以钩端螺旋体基因组DNA为模板，通过酶联聚合反应（PCR）得到钩端螺旋体中prmA的同源基因liprmA的全基因编码序列，并克隆到原核表达载体pET22b中。通过优化大肠杆菌培养和诱导条件，含目的蛋白的融合蛋白可溶表达量达到40 mg/L，约占菌体总蛋白的40%。经Ni-NTA His Bind亲和柱纯化，得到纯度大于95%的目的蛋白。氨基酸序列同源性分析显示liPrmA与原核生物和真核生物的核糖体蛋白L11甲基化转移酶的功能域一级结构高度一致；活性分析显示，纯化的liPrmA有钩端螺旋体核糖体蛋白L11甲基化转移酶的活性。

Gene Expression, Purification and Functional Analysis of LiPrmA

Leptospira interrogans (L. interrogans) genomic DNA was used as template to amplify the full-length gene for ribosomal protein L11 methyltransferase (liPrmA) by PCR. The pET22b-/liprmA expression plasmid was successfully constructed in Escherichia coli (E.coli.) strain TOP10 and confirmed by restriction enzyme digest and sequencing. Through optimizing expression of the recombinant liPrmA-6xHis fusion protein in expression host E. coli. BL21, the yield of soluble target protein reached 40 mg (liter culture)~(-1). The LiPrmA was purified to apparent homogeneity in a single step using Ni-NTA His Bind chromatography.

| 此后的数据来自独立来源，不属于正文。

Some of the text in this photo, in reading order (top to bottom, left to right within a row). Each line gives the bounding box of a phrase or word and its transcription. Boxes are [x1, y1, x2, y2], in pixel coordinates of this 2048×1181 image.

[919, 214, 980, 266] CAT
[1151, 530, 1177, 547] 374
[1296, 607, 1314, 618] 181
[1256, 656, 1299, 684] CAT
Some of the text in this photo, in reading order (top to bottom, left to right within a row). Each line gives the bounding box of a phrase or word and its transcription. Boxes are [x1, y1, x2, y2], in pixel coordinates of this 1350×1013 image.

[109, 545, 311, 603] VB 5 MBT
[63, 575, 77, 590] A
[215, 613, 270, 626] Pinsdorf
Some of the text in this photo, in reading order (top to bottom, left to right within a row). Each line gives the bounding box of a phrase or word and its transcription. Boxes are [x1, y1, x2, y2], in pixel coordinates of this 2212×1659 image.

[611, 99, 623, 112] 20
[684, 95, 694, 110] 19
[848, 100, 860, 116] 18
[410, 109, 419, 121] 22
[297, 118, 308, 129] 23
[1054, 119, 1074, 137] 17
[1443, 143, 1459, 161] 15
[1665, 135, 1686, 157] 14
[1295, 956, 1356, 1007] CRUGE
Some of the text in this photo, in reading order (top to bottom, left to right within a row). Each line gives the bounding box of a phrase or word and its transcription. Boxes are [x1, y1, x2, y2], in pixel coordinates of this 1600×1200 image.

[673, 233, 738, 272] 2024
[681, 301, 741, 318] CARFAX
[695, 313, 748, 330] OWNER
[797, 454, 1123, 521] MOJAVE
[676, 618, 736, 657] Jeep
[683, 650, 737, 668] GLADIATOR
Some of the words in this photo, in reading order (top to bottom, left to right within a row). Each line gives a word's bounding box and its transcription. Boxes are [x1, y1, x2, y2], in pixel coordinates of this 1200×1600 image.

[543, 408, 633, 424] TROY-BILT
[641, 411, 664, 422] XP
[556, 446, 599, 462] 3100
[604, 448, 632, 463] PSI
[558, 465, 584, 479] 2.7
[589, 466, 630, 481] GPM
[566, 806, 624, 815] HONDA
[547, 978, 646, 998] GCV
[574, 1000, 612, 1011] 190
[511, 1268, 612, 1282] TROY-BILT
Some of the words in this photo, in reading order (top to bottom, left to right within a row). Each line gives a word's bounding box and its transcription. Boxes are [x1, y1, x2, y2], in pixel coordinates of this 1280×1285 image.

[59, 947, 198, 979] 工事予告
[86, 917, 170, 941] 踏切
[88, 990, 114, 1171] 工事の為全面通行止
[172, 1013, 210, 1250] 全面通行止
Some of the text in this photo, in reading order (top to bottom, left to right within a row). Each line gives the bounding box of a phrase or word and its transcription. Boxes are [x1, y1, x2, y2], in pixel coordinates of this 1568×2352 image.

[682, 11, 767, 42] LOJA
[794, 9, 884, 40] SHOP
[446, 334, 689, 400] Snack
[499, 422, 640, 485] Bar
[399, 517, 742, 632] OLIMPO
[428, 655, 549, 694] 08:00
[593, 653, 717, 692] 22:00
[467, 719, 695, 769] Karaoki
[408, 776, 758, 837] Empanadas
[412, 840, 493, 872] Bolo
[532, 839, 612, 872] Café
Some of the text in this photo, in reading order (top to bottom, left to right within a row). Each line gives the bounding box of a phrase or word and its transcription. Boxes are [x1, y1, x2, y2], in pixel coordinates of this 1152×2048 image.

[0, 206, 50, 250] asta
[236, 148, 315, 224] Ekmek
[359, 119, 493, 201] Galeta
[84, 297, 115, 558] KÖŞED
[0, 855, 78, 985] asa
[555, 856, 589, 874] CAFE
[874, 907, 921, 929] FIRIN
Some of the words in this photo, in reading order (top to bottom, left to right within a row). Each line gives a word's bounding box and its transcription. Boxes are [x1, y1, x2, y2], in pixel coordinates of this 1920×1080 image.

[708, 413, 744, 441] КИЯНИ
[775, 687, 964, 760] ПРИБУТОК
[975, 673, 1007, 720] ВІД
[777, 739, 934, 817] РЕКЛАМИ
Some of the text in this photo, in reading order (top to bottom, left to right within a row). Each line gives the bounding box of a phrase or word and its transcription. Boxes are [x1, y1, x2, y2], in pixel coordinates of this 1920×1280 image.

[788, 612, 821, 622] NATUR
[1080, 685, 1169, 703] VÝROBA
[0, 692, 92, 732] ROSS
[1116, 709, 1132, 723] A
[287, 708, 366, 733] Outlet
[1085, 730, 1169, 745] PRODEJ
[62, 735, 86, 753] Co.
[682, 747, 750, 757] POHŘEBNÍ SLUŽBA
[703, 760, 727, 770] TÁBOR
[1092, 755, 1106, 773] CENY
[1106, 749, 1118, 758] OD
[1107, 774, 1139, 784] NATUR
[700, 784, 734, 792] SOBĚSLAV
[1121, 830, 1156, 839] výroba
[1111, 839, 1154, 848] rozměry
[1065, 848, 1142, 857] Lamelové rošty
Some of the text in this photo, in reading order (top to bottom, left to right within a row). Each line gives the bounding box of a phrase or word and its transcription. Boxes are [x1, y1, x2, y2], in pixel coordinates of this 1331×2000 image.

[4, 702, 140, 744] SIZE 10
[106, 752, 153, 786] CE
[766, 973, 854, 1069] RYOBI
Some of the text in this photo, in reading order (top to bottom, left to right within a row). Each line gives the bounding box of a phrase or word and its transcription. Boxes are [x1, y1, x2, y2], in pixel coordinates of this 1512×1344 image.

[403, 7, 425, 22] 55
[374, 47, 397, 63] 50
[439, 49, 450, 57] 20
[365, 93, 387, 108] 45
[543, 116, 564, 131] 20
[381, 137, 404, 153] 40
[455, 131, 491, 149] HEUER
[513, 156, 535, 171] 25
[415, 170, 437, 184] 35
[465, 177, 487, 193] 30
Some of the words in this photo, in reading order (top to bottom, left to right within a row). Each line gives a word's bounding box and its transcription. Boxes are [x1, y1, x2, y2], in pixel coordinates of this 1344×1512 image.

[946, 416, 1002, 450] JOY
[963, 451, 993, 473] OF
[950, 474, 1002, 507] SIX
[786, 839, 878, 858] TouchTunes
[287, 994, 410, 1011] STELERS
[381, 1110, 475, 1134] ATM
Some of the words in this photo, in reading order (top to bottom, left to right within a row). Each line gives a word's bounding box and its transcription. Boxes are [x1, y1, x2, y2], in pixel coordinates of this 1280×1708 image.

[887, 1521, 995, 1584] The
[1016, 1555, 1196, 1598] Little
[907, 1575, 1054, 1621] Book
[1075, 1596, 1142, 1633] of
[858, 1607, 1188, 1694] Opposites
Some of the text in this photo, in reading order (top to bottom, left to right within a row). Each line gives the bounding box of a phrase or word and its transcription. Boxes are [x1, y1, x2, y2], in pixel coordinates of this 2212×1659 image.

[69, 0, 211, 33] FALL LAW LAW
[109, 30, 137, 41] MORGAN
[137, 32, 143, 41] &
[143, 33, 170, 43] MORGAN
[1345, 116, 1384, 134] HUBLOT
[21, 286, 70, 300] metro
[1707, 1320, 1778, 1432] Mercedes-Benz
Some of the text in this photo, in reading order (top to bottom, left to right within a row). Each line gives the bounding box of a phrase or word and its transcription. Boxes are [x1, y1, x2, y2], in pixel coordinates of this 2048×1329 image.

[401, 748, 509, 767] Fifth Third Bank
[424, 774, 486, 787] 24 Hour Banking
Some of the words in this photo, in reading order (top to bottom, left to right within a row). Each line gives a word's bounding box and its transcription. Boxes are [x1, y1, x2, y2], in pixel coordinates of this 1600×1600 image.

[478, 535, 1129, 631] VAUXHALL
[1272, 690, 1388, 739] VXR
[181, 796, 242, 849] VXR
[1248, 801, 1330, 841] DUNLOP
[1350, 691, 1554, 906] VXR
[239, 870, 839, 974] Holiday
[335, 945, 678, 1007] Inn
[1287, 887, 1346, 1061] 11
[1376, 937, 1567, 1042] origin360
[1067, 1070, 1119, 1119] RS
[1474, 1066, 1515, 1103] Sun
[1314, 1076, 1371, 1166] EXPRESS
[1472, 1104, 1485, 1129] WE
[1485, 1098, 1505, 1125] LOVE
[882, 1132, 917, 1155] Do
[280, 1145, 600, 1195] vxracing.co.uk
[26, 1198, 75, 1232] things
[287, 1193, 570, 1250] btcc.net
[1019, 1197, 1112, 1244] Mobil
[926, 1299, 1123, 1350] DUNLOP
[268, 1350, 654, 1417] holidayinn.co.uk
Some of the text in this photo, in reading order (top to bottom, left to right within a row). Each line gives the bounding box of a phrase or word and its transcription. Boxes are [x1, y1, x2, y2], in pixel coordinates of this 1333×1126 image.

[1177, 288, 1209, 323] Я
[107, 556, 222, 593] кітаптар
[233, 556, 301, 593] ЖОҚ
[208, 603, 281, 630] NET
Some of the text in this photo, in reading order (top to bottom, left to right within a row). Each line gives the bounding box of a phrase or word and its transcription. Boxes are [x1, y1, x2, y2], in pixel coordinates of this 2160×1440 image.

Amino acid homologous analysis showed that liPrmA shared significant identity with other prokaryotic PrmA and eukaryotic putative PrmA in the catalytic region including AdoMet binding domain. Methylation activity experiments showed purified liPrmA was able to catalyze the ribosomal protein L11 of L. interrogans methylated under the presence of S-adenosyl-methionine (AdoMet).